And here before my window is the "great and wide sea." What an image of eternity it is at this moment shrouded in mist! You hear it's mighty voice—you know it's reality, and that "therein are things innumerable ;" but beyond the line where human feet tread, you see nothing—There where the breakers fall, as upon the borders of human life, is all the din and uproar. Beyond, through that immeasurable distance, all seems repose; and seems so only because it is like eternity, hidden from our vision.
Monday, P. M.—I went alone to walk on the beach. There had been a storm, and the clouds that were wildly scudding over the heavens here and there, broke away, and the sunbeams poured from the bright world abate them and kindled in the east a rainbow that dropped its column of colored light into the ocean. I would commend any one afflicted with self-exaggeration to a solitary walk on a sea-beach. All selfism is lost in an overpowering sentiment of reverence. I had an almost painful feeling of illimitable power, but as I turned from the surf which was breaking magnificently, a sweet breath from the landward clover-fields met me, and filled my eyes with tears and my heart with sensations like those that answer the voices of kindred, or are called forth by the little beam that greets us from the candle in our own home, when we return from a stranger's dwelling.
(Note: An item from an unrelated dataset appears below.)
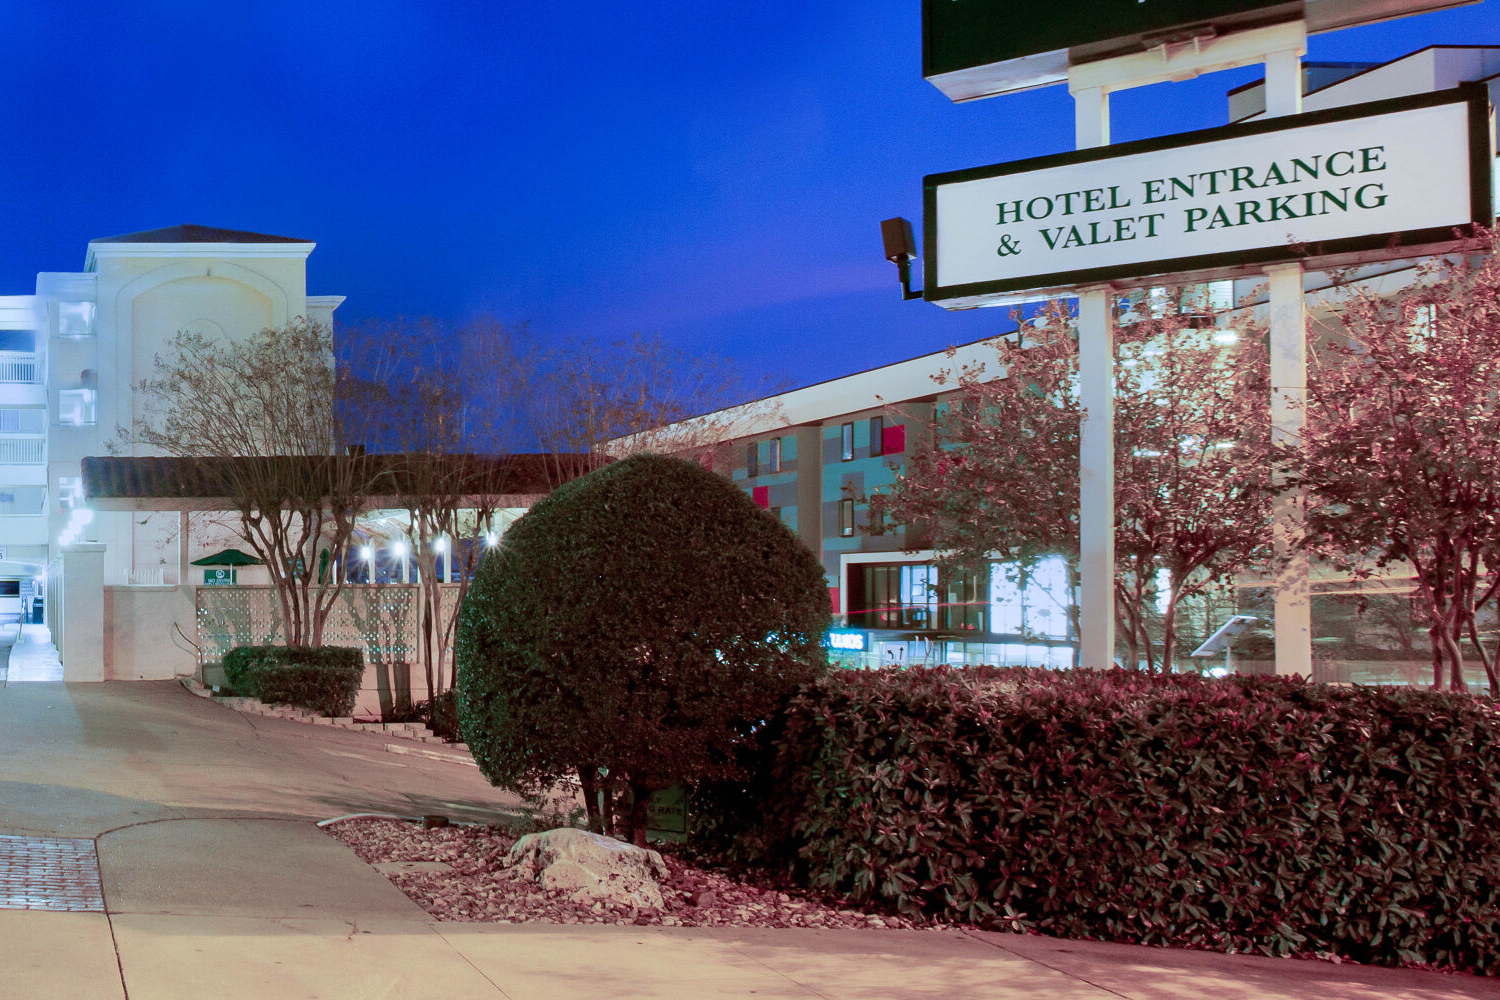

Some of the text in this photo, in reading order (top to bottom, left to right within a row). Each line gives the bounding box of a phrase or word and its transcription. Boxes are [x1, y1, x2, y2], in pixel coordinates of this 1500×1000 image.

Monday evening brought me three letters. Where do letters not come except, as Johnson lamented, not to the grave? Chance could hardly throw together the productions of three more remarkable women than my correspondents—the least of them in the world's eye is the greatest, perhaps in the kingdom of heaven. has many high faculties, some almost preternatural powers that does not approach; clearer moral perceptions and loftier aspirations no one has. They are not unlike in that quality that, like a pure atmosphere gives vigor and effect to all others—naturalness. Neither has the varied and enriching experience, the glowing imagination and the almost unlimited acquisitions of Mrs.__ but she has a healthier and therefore a happier spirit. She has the spontaneous richness and goodness that are God's gifts, and as superior to any acquired talents or results of virtuous efforts as sunlight to lamplight, or the gracious showers from the clouds to the pourings from a watering-pot. Her mind seems, without an effort (for you see no fluttering of the wings) to rise to the highest altitude: and, kind and patient, without any apparent stooping, to come down to the least duty. While poor ___ is beating her golden feathers off against every limit as if limits were prison walls, ___ is singing on every bough, feathering every nest as well as her own, and feeding every chance bird.
Tuesday.—The gay season for watering-places has not yet come, and beside the untiring and ever-exciting view of the sea, there is little to vary life here; there are drives oh the beach, and when the tide is up, round the pretty rural lanes of the interior, past the farmhouses, where you see plenty of pig-nurseries and hencoops, where generations are preparing for the all devouring jaws of the New York market. Then we have those three great daily events of all watering-places, breakfast, dinner and tea, diversified by the liberality of Messrs. Blake & Mead, and the ingenuity of French cooks. And we have arrivals and departures. At this moment there is standing before the piazza a carriage built upon the model of an English mail-coach with four grey horses, their master sealed on the box with a friend; the coachman and footman in frock coats, shorts, and white top boots in the dickey, and the lady, her nurses and children, inside. The coach and harness are blazoned with stags' heads and other heraldic devices. Some impertinent whispers asking from which side of the house these anti-republican emblems are derived, are suppressed from respect to the unpretending lady, who, with her pretty children, the picture of an American matron, is courteously and bowing her adieux. The sarcasm is changed to a regret at the bad taste of appropriating unmeaning emblems.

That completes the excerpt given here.